Keeping the Discussion Going after CFCC’s Urban Child Symposium on Health and the Urban Child

CFCC’s second Urban Child Symposium, Health and the Urban Child:  Diagnosing Problems and Prescribing Solutions, was held last Thursday, April 1, and drew a crowd of approximately two hundred people. A wide array of people from all professions and walks of life, including doctors, lawyers, judges, activists, academics, mental health professionals, services providers, parents, and other community members, attended and participated. The audience filled the School of Law’s Moot Courtroom and also watched the action from monitors in the law school lobby. Our panelists gave thoughtful presentations that covered the gamut of problems and solutions for the health of urban children. Extensive audience participation created a vibrant conversation about the practical realities of urban child health and some of the steps needed to make improvements. Congressman Cummings keynote luncheon speech was a call to action, encouraging all of us to increase our expectations and work to ensure that all children have what we want for our own children.

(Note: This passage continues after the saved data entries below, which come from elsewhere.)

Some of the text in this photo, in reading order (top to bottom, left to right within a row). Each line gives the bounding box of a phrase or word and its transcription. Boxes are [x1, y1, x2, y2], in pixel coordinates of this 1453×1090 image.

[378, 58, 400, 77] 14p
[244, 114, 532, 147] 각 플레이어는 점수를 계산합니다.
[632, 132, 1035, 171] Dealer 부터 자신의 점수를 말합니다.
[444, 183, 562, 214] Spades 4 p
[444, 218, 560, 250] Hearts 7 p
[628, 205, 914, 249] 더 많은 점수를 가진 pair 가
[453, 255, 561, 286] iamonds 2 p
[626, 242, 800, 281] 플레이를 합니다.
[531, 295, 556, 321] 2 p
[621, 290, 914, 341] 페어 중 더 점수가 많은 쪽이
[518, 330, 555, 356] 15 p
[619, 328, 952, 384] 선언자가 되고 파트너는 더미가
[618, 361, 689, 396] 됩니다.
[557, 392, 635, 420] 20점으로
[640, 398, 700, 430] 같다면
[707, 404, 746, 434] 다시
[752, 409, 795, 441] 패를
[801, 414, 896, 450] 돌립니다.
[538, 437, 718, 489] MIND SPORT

CFCC would like to thank all who participated – both as speakers and as audience members, and we encourage everyone interested to keep this lively and important discussion going–on this blog and in your communities. One of our conference panelists, Dr. Alan Lyles, will take the lead on continuing the discussion by writing his own blog post about childhood obesity, a topic that he also discussed at the symposium. Be on the lookout for his guest post! Also, be sure to check out the discussion on our post about the Health Care Reform Legislation, which includes a comment from another of our conference panelists, Janice Cooper.

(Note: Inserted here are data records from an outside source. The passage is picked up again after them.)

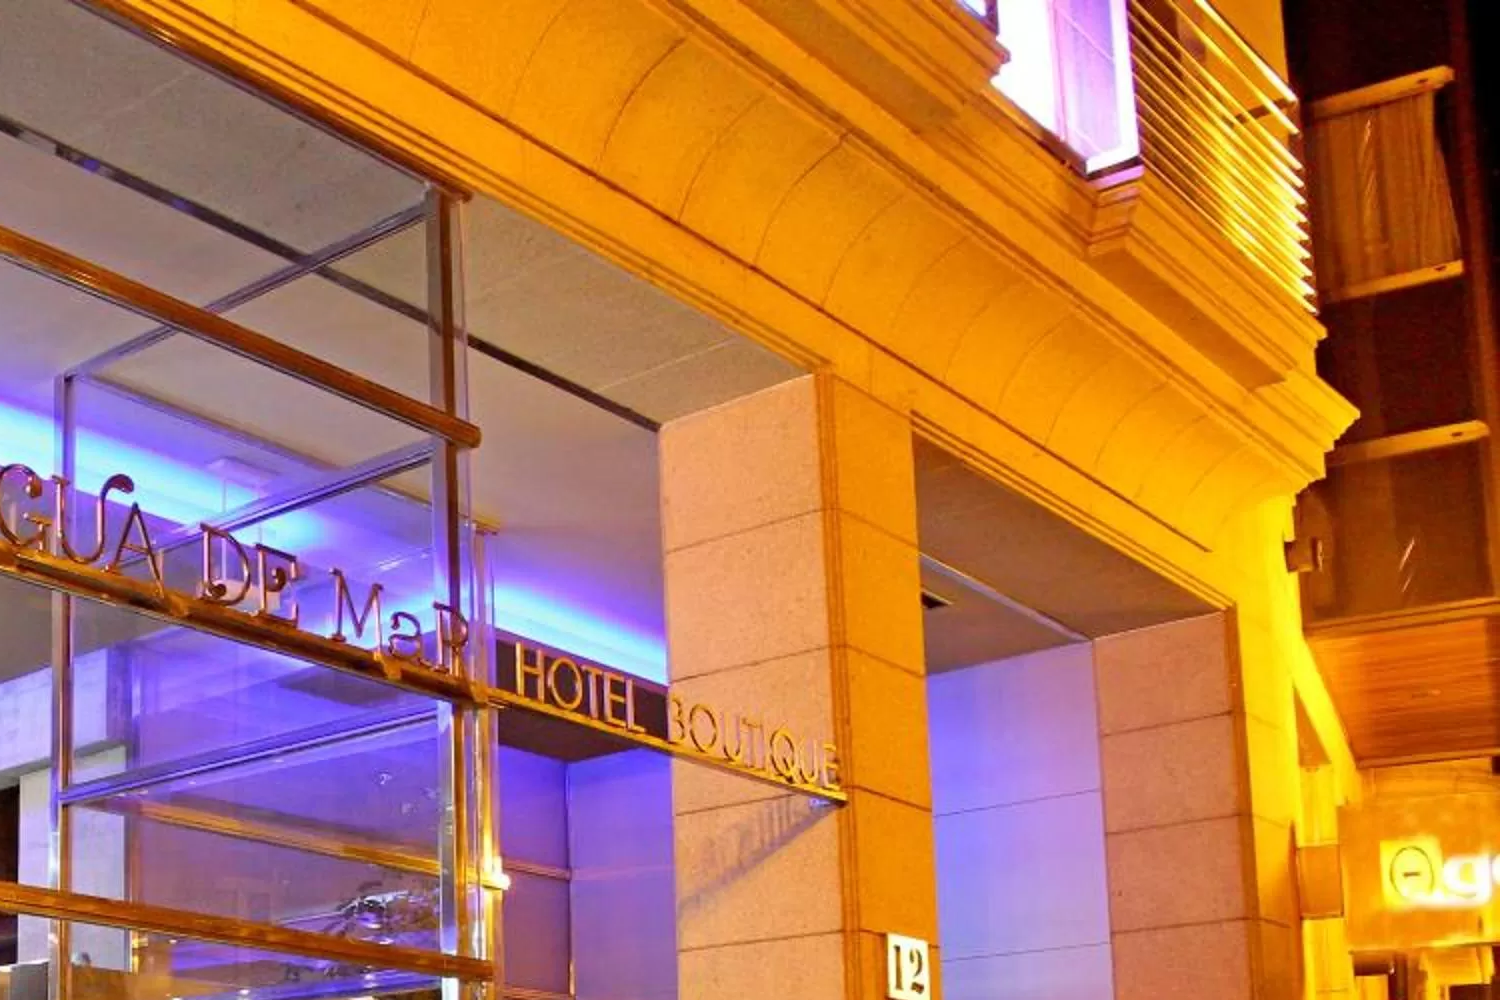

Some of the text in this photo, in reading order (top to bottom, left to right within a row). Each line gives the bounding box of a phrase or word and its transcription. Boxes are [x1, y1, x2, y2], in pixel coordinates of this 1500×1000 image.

[199, 522, 299, 628] DE
[515, 641, 841, 790] HOTEL BOUTIQUE
[893, 944, 925, 994] 12
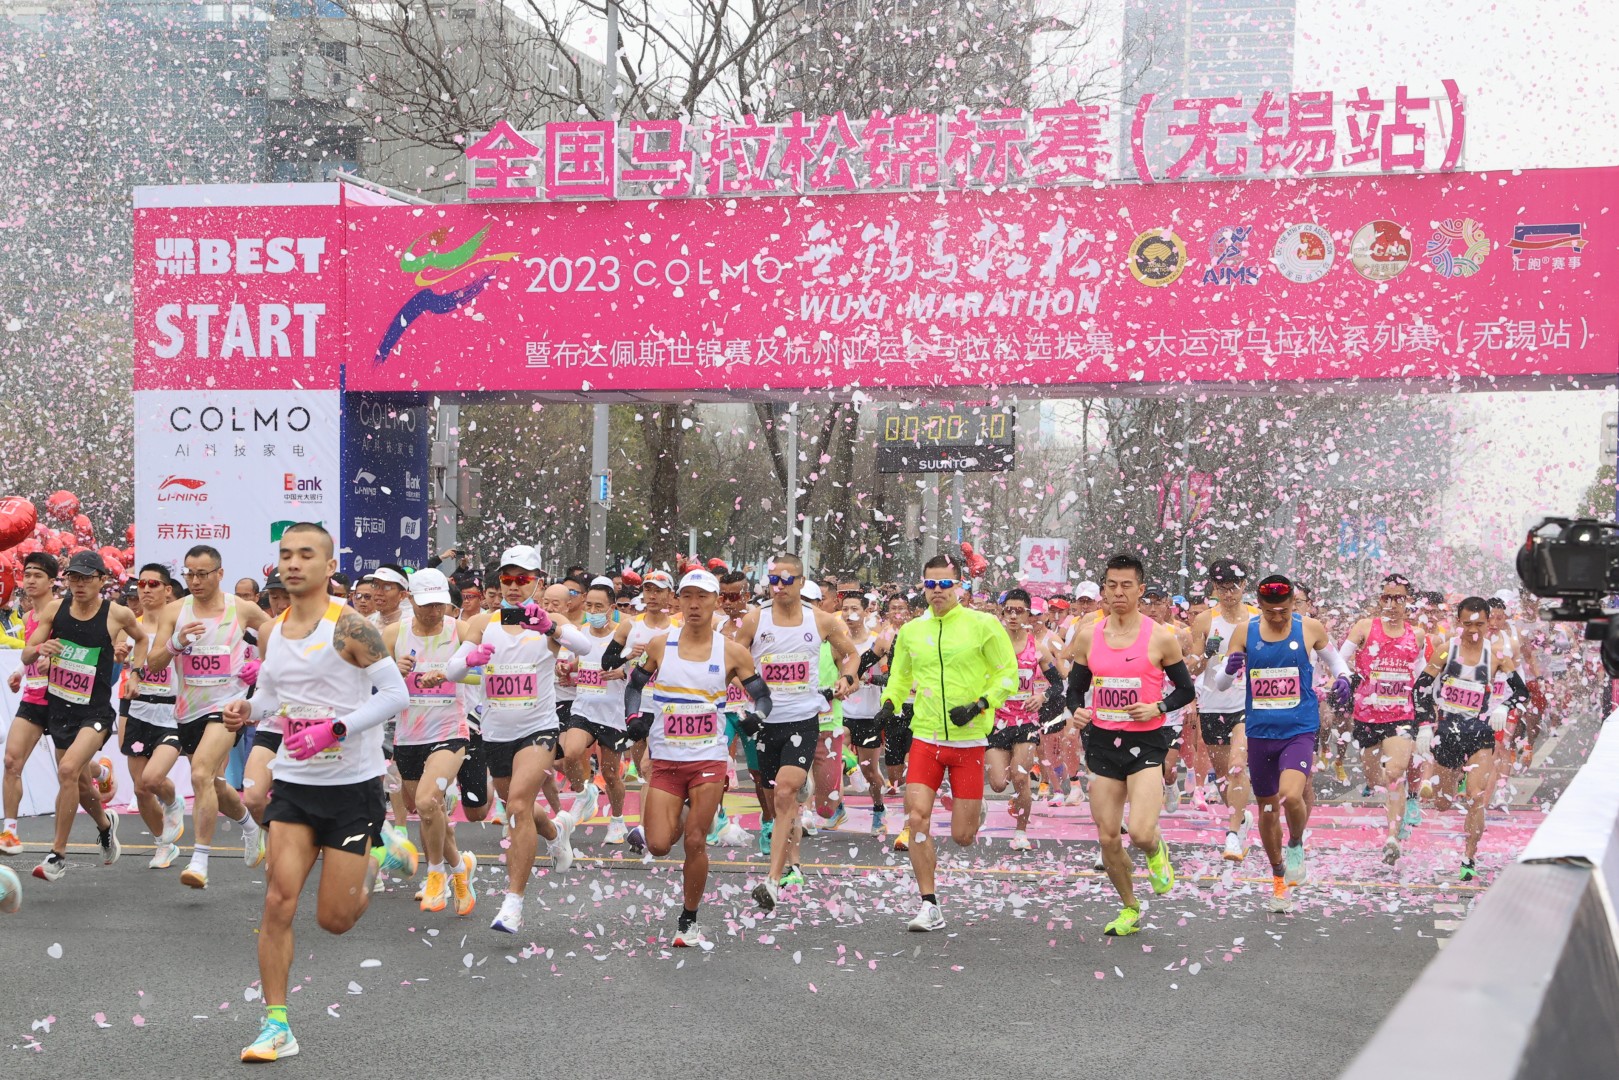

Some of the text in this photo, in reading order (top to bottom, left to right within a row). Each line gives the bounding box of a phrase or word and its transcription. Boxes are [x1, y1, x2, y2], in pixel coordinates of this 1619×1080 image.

[199, 236, 326, 274] BEST
[525, 256, 783, 293] 2023 COLMO
[1202, 266, 1260, 286] AIMS
[800, 289, 1101, 321] WUXI MARATHON
[155, 303, 326, 359] START
[169, 406, 311, 432] COLMO
[918, 460, 968, 470] SUUNTO
[158, 493, 208, 501] LI-NING
[157, 522, 231, 540] 京东运动
[191, 656, 221, 671] 605
[765, 663, 806, 681] 23219
[51, 667, 90, 692] 11294
[489, 676, 533, 696] 12014
[1098, 688, 1138, 708] 10050
[667, 714, 714, 735] 21875

0 thoughts on “Keeping the Discussion Going after CFCC’s Urban Child Symposium on Health and the Urban Child

  1. In the days surrounding our conference, two of our presenters’ organizations were featured in the national press talking about issues discussed at the symposium. The Washington Post ran a story concentrating on unhealthy housing and the Healthy Homes movement. The Coalition to End Childhood Lead Poisoning was prominently mentioned, and Baltimore was the case example for both need and progress. Magazine's March 29th issue had a story on Dr. Rebecca Landa's efforts at Kennedy Krieger to uncover early signs of autism and develop effective responses. Three cheers to our panelists!